Grupo Ser compra UniNorte

Após seis meses de negociações, a Ser Educacional fechou a aquisição da UniNorte, instituição de ensino superior que pertencia à Laureate desde 2008, por R$ 194,8 milhões.

Segundo Jânyo Diniz, presidente da Ser Educacional, há oportunidade de crescimento no ensino a distância, uma vez que a UniNorte não oferece essa modalidade de aprendizado. “Enxergamos que o EAD será um vetor de crescimento e o processo de integração será mais simples porque já temos uma plataforma de ensino a distância”, afirmou. No começo de 2018, a companhia anunciou mudanças em sua estratégia, com fechamento de campi e redução do plano de crescimento orgânico, dando, maior foco para aquisições e cursos on-line.

A Ser Educacional estima uma sinergia de R$ 70 milhões no período de dez anos. “A redução de gastos virá, principalmente, de três frentes: integração da área administrativa e matriz curricular e renegociação com fornecedores”, disse Rodrigo Macedo, diretor de relações com investidores da Ser. Boa parte das áreas da instituição ainda não estavam integradas à Laureate.
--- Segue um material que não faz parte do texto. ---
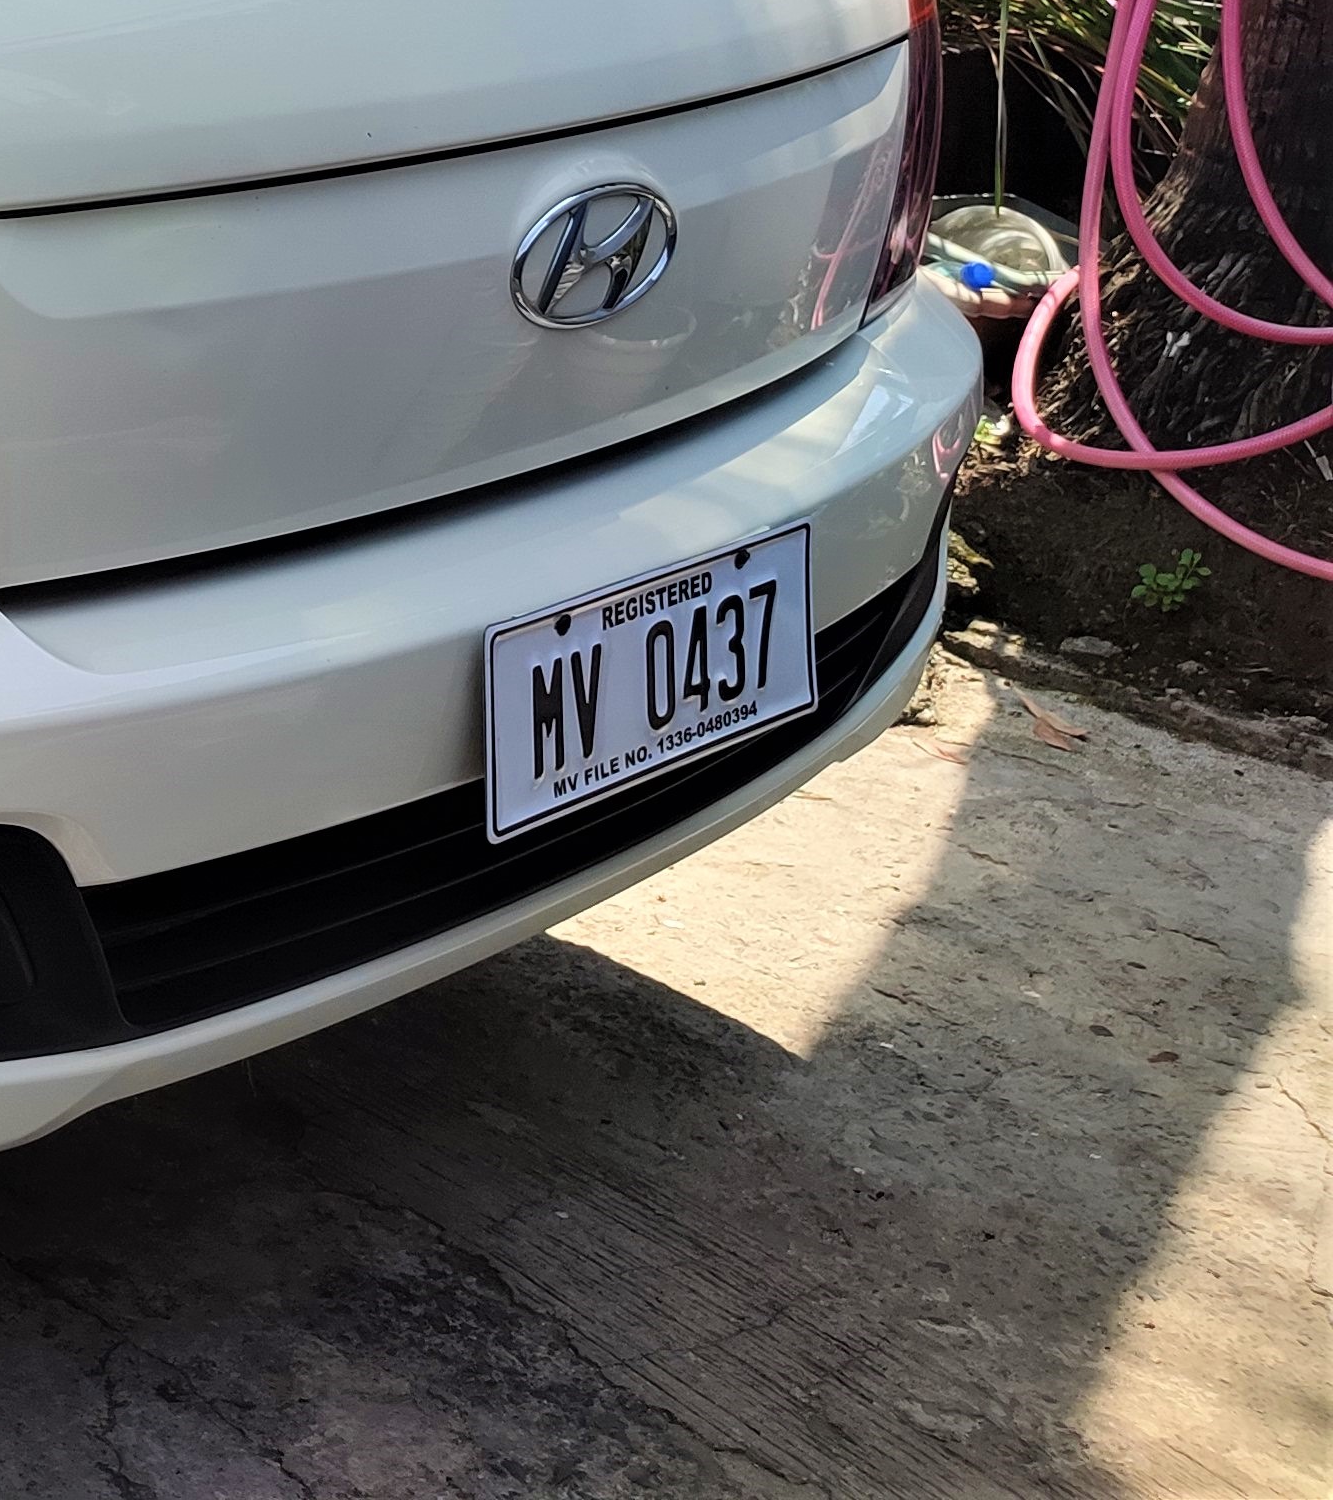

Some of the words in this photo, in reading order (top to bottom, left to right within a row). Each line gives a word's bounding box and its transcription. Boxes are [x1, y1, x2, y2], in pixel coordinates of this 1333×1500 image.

Segundo José Loureiro, presidente da Laureate Brasil, não havia essa integração devido à distância geográfica da UniNorte, que fica em Manaus, em relação às demais instituições de ensino do grupo americano, que estão localizadas no Nordeste, Sul e Sudeste do país. “Não vamos vender outras instituições de ensino. Só vendemos a UniNorte por uma questão geográfica e acompanhamos uma decisão estratégica global da Laureate”, disse Loureiro.

O grupo americano vem se desfazendo de ativos na Malásia, Tailândia, Espanha e alguns países da América Central. A meta é ficar apenas com instituições de ensino no México, Peru, Chile, Estados Unidos, Austrália, Nova Zelândia, além do Brasil. Desses países, a Laureate Brasil foi a única que vendeu um ativo.

No ano passado, a UniNorte apurou uma receita líquida de R$ 165,5 milhões, alta de 13% quando comparada a 2017. O lucro antes de juros, impostos, depreciação e amortização (Ebitda) ajustado subiu 5,8% para R$ 18,7 milhões e a margem Ebtida ficou em 11,3%. “Estimamos que a margem Ebitda pode dobrar. Normalmente, uma instituição com 10 mil a 15 mil alunos tem uma margem na casa dos 20%. Estamos sendo conservadores”, disse o diretor de relações com investidores da Ser Educacional, cuja margem Ebitda foi de 25,4% em 2018.

A UniNorte conta com 25 mil alunos, o que eleva o volume de estudantes da Ser para 175 mil (considerando os dados de dezembro de 2018).

Com essa transação, a Ser Educacional pretende focar seus esforços na integração da UniNorte e outras aquisições não devem ser prioridade. “Apesar de termos caixa, nosso foco deve ser a UniNorte” disse Macedo, observando que a companhia pode comprar outros ativos caso haja uma oportunidade interessante. O diretor de relações com investidores lembrou que há mais ativos no mercado por conta da redução do Fies, programa de financiamento estudantil do governo federal. “Abril é o mês da noiva porque as instituições de ensino terminaram seu processo seletivo e muitas delas estão se oferecendo no mercado”, disse.

Do valor total da transação, haverá um desconto de R$ 9,8 milhões referente à dívida da instituição de ensino adquirida. A Ser Educacional pagará a vista.

A aquisição da UniNorte foi estratégica para a Ser Educacional, que enfrentava dificuldades para operar em Manaus, tendo em vista que a instituição de ensino adquirida é líder de mercado na região. “A concorrência em Manaus é muito forte, todas as instituições de ensino estão lá. Não acredito que a concorrência vá piorar”, disse o presidente da Ser, informando que não pretende entrar em guerra de preço na região.

A transação depende ainda de aprovação do Conselho Administrativo de Defesa do Consumidor (Cade).